Respira.
Andrà tutto bene.
Respira.
Dei mantra, dei promemoria che dovremmo ripetere a noi stessi più spesso, soprattutto quando ci sembra di affogare in questa società troppo rapida, troppo pretenziosa, che è troppo semplicemente: e invece, proprio come dei surfisti, dovremmo imparare a focalizzarci sulle cose che ci fanno stare bene, a investire il nostro tempo in quello che amiamo e ad amarci noi stessi soprattutto. Insomma, dobbiamo respirare, un’azione tanto “scontata” apparentemente, quanto ricca di significato: proprio questo ci ricorda Margot Sikabonyi con il suo libro “Resipira!”, ma non solo.
In una sorta di percorso che segue le tappe della vita e della carriera di Margot (donna, attrice, yoga & health coach e madre), quel che scopriamo (o meglio, su cui ci ricordiamo di dover prestare attenzione) durante la lettura è l’importanza delle emozioni, dell’ “io” urlato e difeso, del “no” come valore del cambiamento e dell’accettazione, con qualche consiglio pratico per avvicinarsi allo yoga. Un viaggio, quello di Margot e nostro, dentro, attraverso e fuori di noi con un’unica destinazione: essere consapevoli del momento presente e, più di tutto, del nostro valore.
Prima di tutto: come stai?
Molto bene, molto grata di questo mio momento personale e in ascolto, visti i tempi di Covid che corrono, sono in uno stato di ascolto e, devo dire, anche di gratitudine.

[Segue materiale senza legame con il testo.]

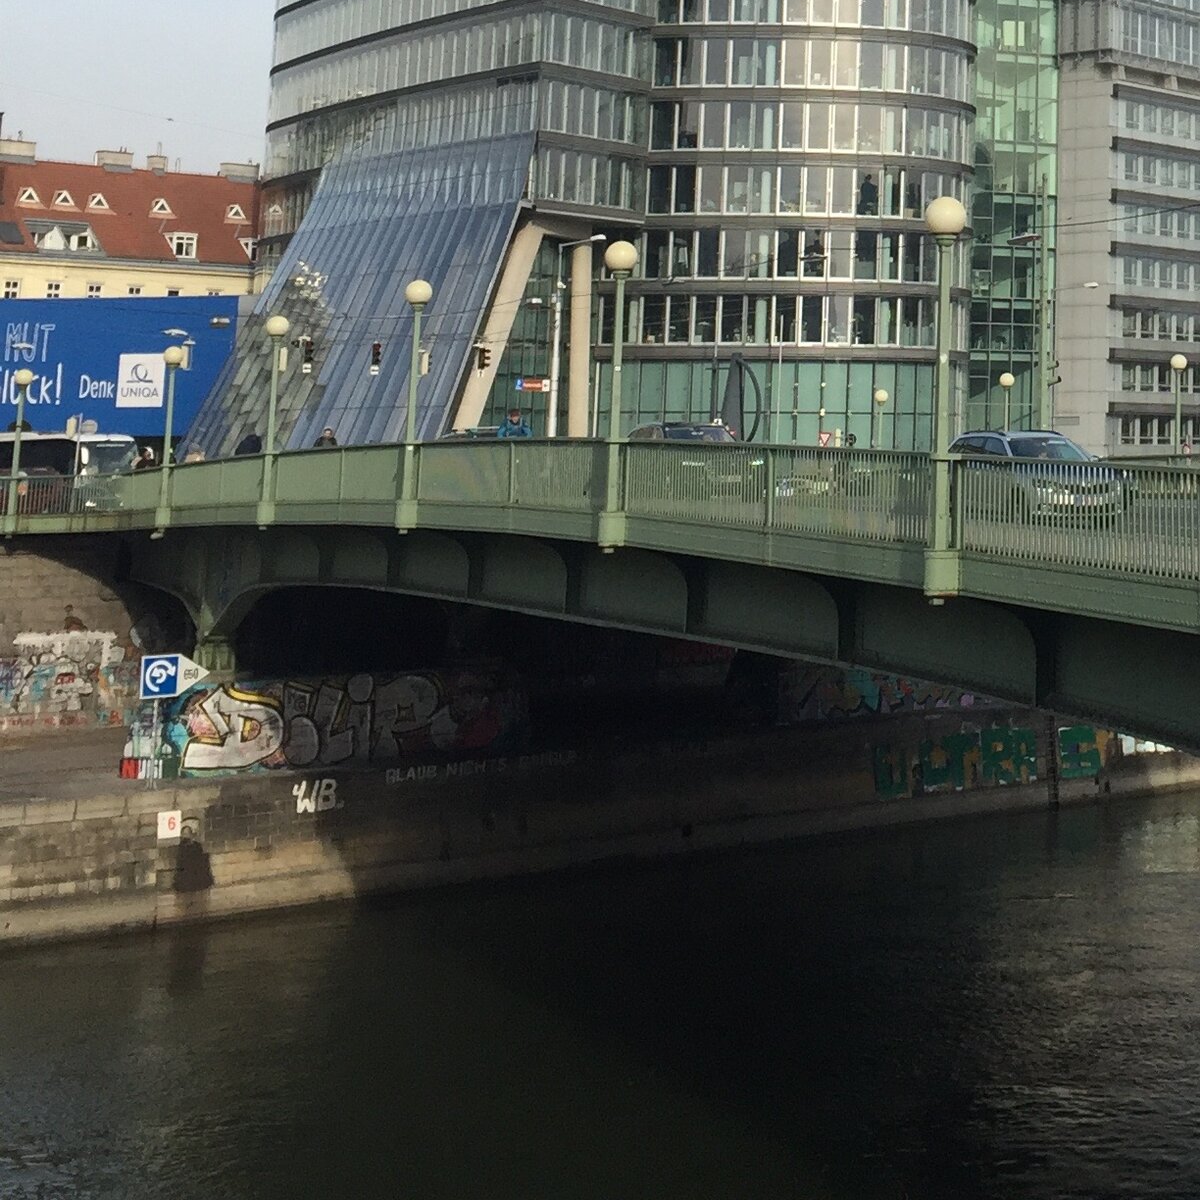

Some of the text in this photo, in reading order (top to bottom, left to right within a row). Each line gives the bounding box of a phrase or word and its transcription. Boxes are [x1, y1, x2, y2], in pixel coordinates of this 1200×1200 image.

Mamma, appassionata di yoga, attrice e ora anche scrittrice: qual è l’emozione e la sfida più bella di ricoprire tutti questi ruoli?
Sono mamma appassionata di yoga, attrice e scrittrice: sì, sono tantissime cose che paradossalmente, però, per me sono un po’ un tutt’uno, ricoprono quello in cui io credo, cioè la condivisione e la comunicazione. Per cui, attraverso il lavoro da attrice, posso comunicare quello che sento e penso, e il mio percorso di essere umano in questo pianeta; attraverso lo yoga comunico la stessa cosa, essere presente a me stessa, l’ascolto; con questo libro, ho cercato proprio di raggruppare tutto questo, lo yoga, la recitazione e tutto quello che mi ha portato, il percorso di health coach come unico modo per me di comunicare quanto sia importante non sentirsi da soli, quanto non siamo da soli, quanto siamo tutti nella stessa barca, tutti parte di questa comunità, chiamati proprio “esseri umani”. Quindi sono tutte cose diverse che però raggruppano la radice unica che è, per me, la condivisione, l’ascolto mio e quindi l’ascolto dell’altro, dunque non li vedo separati, in realtà.
“Siamo tutti nella stessa barca, tutti parte di questa comunità, chiamati proprio ‘esseri umani’.”
“Respira!” È un romanzo sullo yoga, sull’ascoltarsi e il ritrovare sé stessi ma, come dici nell’introduzione, è soprattutto “La storia di una ripresa di potere”: quando e come hai capito che era arrivato il tuo momento per compiere questo passo?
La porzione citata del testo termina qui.